(Available records):

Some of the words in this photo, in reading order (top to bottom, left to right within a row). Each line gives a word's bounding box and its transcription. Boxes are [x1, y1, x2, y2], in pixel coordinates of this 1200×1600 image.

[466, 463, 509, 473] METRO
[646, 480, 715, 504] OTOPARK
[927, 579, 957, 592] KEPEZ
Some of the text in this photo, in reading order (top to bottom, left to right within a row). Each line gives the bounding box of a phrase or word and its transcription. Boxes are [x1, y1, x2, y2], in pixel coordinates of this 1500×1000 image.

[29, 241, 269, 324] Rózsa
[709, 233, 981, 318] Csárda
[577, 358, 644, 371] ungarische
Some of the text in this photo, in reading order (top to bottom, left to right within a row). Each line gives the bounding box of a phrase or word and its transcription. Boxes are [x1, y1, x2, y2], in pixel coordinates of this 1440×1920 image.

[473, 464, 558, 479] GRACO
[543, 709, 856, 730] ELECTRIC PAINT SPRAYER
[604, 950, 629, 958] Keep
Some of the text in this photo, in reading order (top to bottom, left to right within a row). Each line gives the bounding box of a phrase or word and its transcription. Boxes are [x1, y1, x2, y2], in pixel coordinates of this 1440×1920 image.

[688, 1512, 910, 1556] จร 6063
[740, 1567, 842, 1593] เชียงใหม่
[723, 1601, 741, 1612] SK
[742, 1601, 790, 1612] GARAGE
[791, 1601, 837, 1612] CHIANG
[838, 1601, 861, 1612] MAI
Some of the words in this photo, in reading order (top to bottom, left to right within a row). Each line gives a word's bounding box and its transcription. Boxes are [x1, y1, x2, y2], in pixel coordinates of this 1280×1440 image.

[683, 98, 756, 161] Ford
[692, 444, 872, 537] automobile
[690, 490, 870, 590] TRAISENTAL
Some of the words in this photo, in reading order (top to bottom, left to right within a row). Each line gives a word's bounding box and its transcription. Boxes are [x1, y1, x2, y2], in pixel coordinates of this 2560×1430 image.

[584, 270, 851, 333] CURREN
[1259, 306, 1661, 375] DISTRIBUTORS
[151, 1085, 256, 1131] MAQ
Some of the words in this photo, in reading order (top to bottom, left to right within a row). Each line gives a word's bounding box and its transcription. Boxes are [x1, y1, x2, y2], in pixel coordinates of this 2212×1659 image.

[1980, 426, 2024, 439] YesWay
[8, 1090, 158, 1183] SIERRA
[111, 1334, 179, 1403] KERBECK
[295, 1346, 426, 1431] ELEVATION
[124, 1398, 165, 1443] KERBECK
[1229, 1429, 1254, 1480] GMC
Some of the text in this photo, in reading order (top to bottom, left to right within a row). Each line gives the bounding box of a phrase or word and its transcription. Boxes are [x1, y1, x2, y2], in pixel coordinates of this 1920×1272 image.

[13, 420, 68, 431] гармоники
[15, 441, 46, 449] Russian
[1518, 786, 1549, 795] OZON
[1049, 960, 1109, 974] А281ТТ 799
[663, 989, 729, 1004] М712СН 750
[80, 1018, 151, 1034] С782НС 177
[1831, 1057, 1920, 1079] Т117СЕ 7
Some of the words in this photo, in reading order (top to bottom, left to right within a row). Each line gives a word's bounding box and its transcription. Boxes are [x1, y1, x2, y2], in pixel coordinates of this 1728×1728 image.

(Work item):
All records should be returned verbatim, none left out.

(Written solution):
Some of the words in this photo, in reading order (top to bottom, left to right within a row). Each line gives a word's bounding box and its transcription. Boxes are [x1, y1, x2, y2], in pixel coordinates of this 1200×1600 image.

[466, 463, 509, 473] METRO
[646, 480, 715, 504] OTOPARK
[927, 579, 957, 592] KEPEZ
Some of the text in this photo, in reading order (top to bottom, left to right within a row). Each line gives the bounding box of a phrase or word and its transcription. Boxes are [x1, y1, x2, y2], in pixel coordinates of this 1500×1000 image.

[29, 241, 269, 324] Rózsa
[709, 233, 981, 318] Csárda
[577, 358, 644, 371] ungarische
Some of the text in this photo, in reading order (top to bottom, left to right within a row). Each line gives the bounding box of a phrase or word and its transcription. Boxes are [x1, y1, x2, y2], in pixel coordinates of this 1440×1920 image.

[473, 464, 558, 479] GRACO
[543, 709, 856, 730] ELECTRIC PAINT SPRAYER
[604, 950, 629, 958] Keep
Some of the text in this photo, in reading order (top to bottom, left to right within a row). Each line gives the bounding box of a phrase or word and its transcription. Boxes are [x1, y1, x2, y2], in pixel coordinates of this 1440×1920 image.

[688, 1512, 910, 1556] จร 6063
[740, 1567, 842, 1593] เชียงใหม่
[723, 1601, 741, 1612] SK
[742, 1601, 790, 1612] GARAGE
[791, 1601, 837, 1612] CHIANG
[838, 1601, 861, 1612] MAI
Some of the words in this photo, in reading order (top to bottom, left to right within a row). Each line gives a word's bounding box and its transcription. Boxes are [x1, y1, x2, y2], in pixel coordinates of this 1280×1440 image.

[683, 98, 756, 161] Ford
[692, 444, 872, 537] automobile
[690, 490, 870, 590] TRAISENTAL
Some of the words in this photo, in reading order (top to bottom, left to right within a row). Each line gives a word's bounding box and its transcription. Boxes are [x1, y1, x2, y2], in pixel coordinates of this 2560×1430 image.

[584, 270, 851, 333] CURREN
[1259, 306, 1661, 375] DISTRIBUTORS
[151, 1085, 256, 1131] MAQ
Some of the words in this photo, in reading order (top to bottom, left to right within a row). Each line gives a word's bounding box and its transcription. Boxes are [x1, y1, x2, y2], in pixel coordinates of this 2212×1659 image.

[1980, 426, 2024, 439] YesWay
[8, 1090, 158, 1183] SIERRA
[111, 1334, 179, 1403] KERBECK
[295, 1346, 426, 1431] ELEVATION
[124, 1398, 165, 1443] KERBECK
[1229, 1429, 1254, 1480] GMC
Some of the text in this photo, in reading order (top to bottom, left to right within a row). Each line gives the bounding box of a phrase or word and its transcription. Boxes are [x1, y1, x2, y2], in pixel coordinates of this 1920×1272 image.

[13, 420, 68, 431] гармоники
[15, 441, 46, 449] Russian
[1518, 786, 1549, 795] OZON
[1049, 960, 1109, 974] А281ТТ 799
[663, 989, 729, 1004] М712СН 750
[80, 1018, 151, 1034] С782НС 177
[1831, 1057, 1920, 1079] Т117СЕ 7
Some of the words in this photo, in reading order (top to bottom, left to right within a row). Each line gives a word's bounding box and its transcription. Boxes are [x1, y1, x2, y2], in pixel coordinates of this 1728×1728 image.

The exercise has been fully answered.